Wikisource is a project of the Wikimedia Foundation that aims to build a freely accessible online library of source texts, including translations of those works in many languages.

At Wikisource, Nazar organizes proofreading contests and finds new contributors by reaching out to students and professors to help speed up preservation efforts.

“My contributions in Open Library right now mostly consist of fixing the books that were proofread on Wikisource and adding IDs so that the Read button [on Open Library] becomes available,” Nazar says.

This is important because when patrons click the Read button on Open Library, they get redirected to the online book reader with scanned PDF or DJVU files of the edition. This enables them to see the pages from editions as images with the original printed text, color, previous owners’ notes in the margins and often for old books, various defects. This is excellent for preservation, but can make reading harder, especially if for those with less-than-perfect vision or who are reading on a small screen.

“Open Library is a great project that has done a lot to preserve various books in digital form and make them available for reading to people around the world,” Nazar says. “Wikisource is quite similar to Open Library in that its goal is to preserve books and a lot of the files we work on actually come from Open Library, but the way Wikisource goes around this task is different.” 
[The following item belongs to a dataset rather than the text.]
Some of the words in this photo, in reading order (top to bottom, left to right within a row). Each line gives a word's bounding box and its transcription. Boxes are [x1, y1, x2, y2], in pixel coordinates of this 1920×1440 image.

Wikisource editors transcribe the pages of scanned books into digital form, preserving the original structure and formatting. That allows for a better reading experience, in which readers can configure the font and size of the text. The ability to resize text to fit the screen size is more convenient on small screens or when a book has burned-out letters, water damage, or other defects. Most important, these texts can be put into text-to-speech software so that visually impaired people can access them too.
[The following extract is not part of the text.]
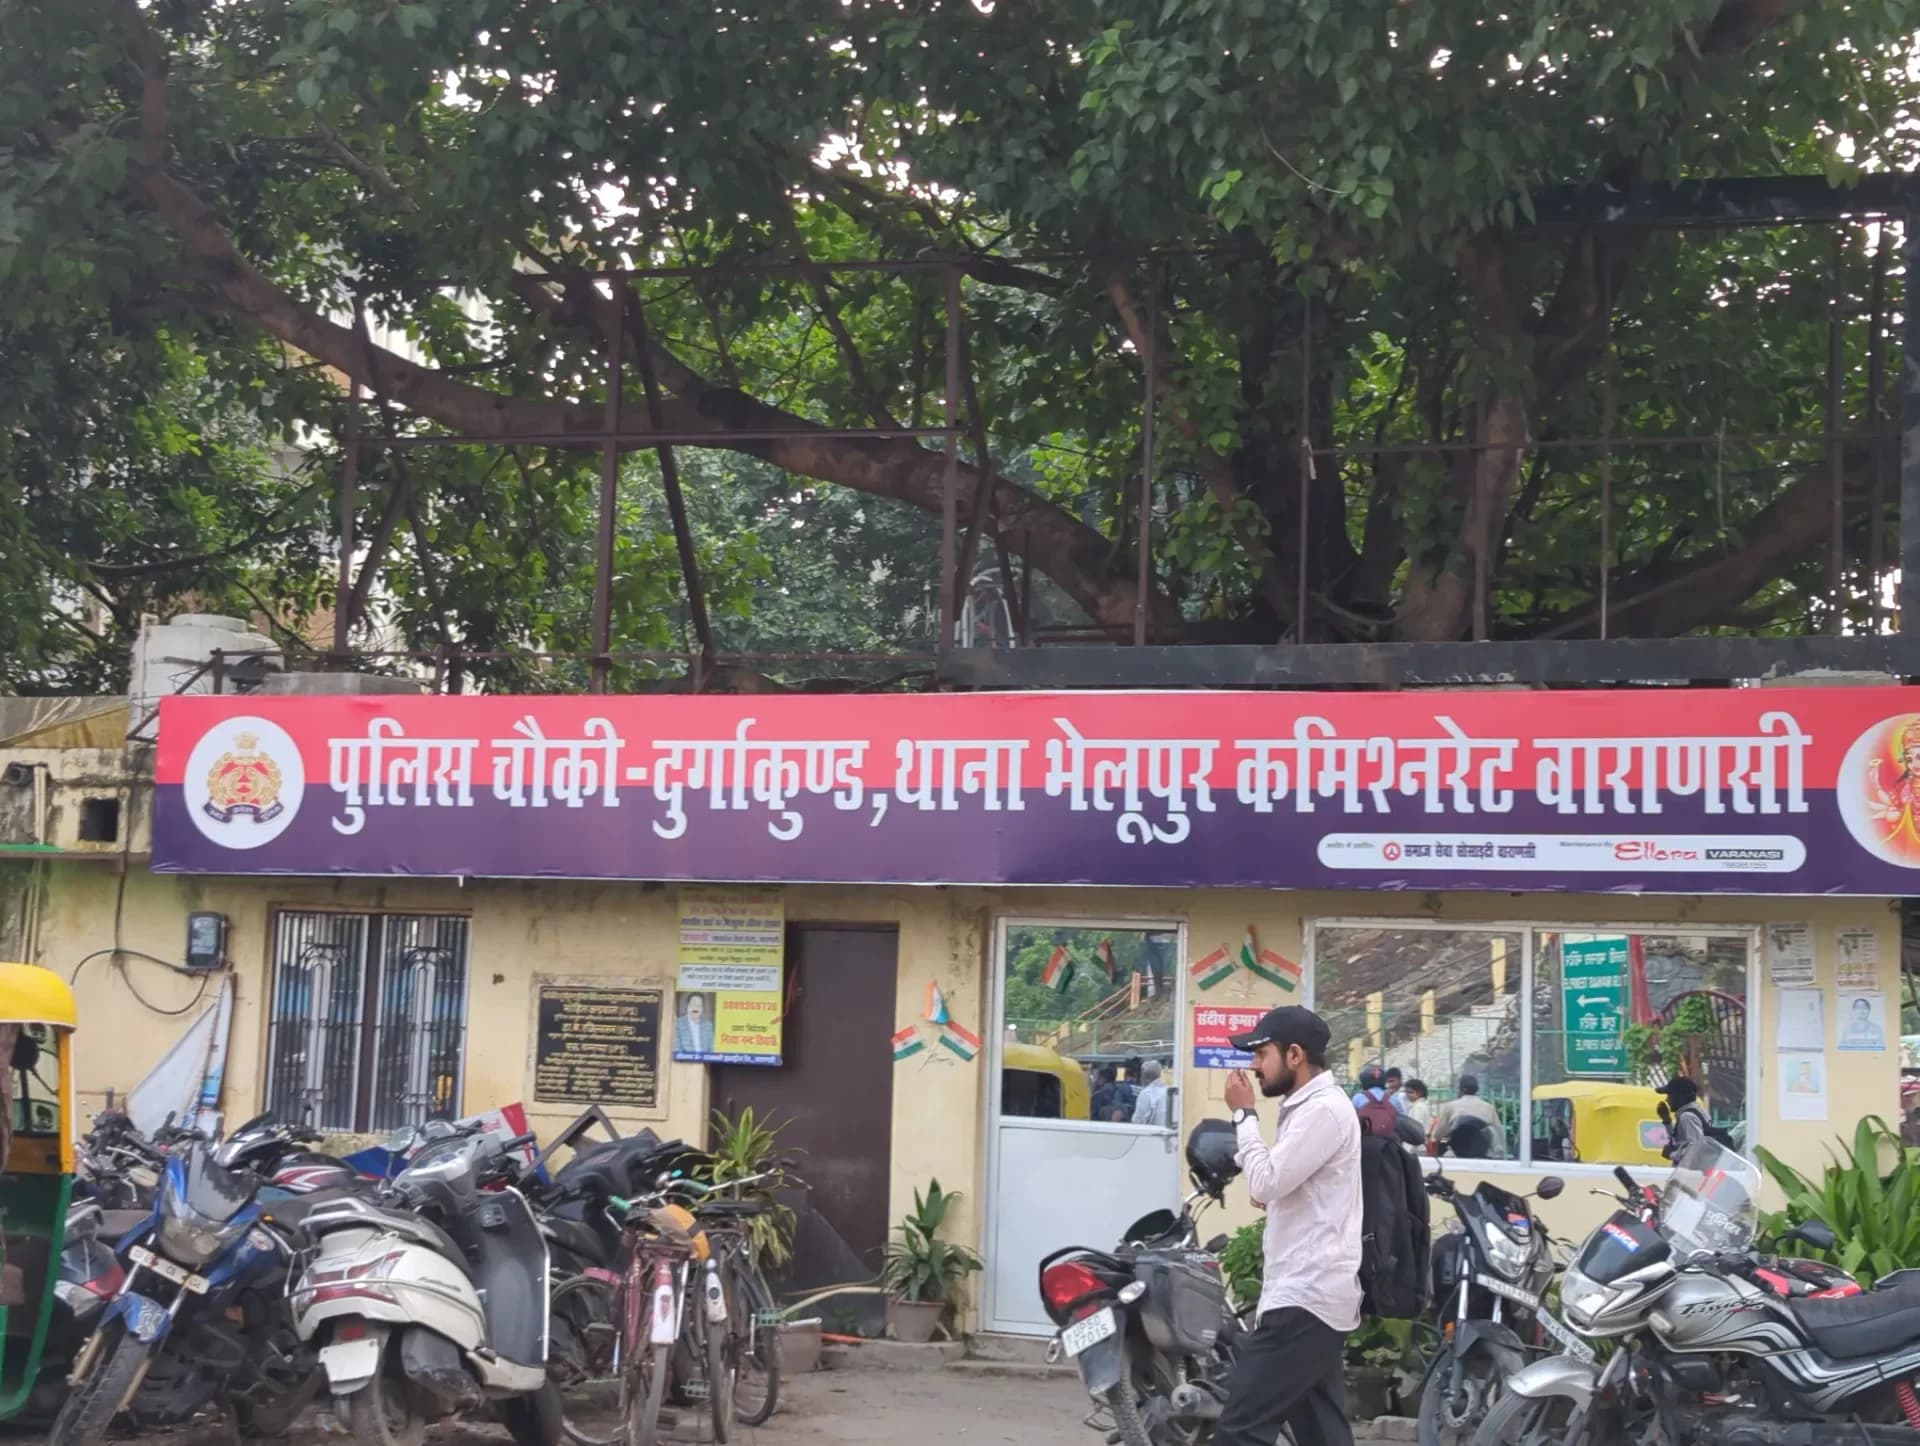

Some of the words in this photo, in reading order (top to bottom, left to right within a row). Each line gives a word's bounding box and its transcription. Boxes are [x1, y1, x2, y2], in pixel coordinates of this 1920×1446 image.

Once a Wikisource ID is added to the edition in Open Library, it will redirect users to the text in Wikisource, where it may be more convenient to read.

Nazar continues to add Wikisource IDs to the books in the lists and many others. 

If you would like to contribute to projects like this one, you can indicate your interest in volunteering as a librarian in this form and connect with Nazar in the librarians Slack channel.

A Community-Curated Nancy Drew Collection

A team of volunteer Open Librarians have worked together to organize the many Nancy Drew book series into a beautiful collection on Open Library

If you’re excited about this collection, you can direct your thanks to Open Library volunteer Emily, who proposed the project. A few months ago, Emily put out a call in Open Library’s librarian Slack channel to see if other librarians might be interested in teaming up. Today, the collection is live and ready for the benefit of the public.

A collaborative approach was second nature for Emily, a librarian and educator who recently completed a Master of Information program. 

“Almost all of our projects were group work to help prepare us to work together and collaborate in libraries,” she said.

To organize the project, Emily built a detailed Google Document with information, ideas, questions about methodology and choices the team would need to make as a group. Participants added thoughts and notes asynchronously before the call.

An initial Zoom call then brought the team of volunteers together in real time. The call was held in a time zone that worked for the international contributors, who came from Tokyo, Pakistan and the western U.S.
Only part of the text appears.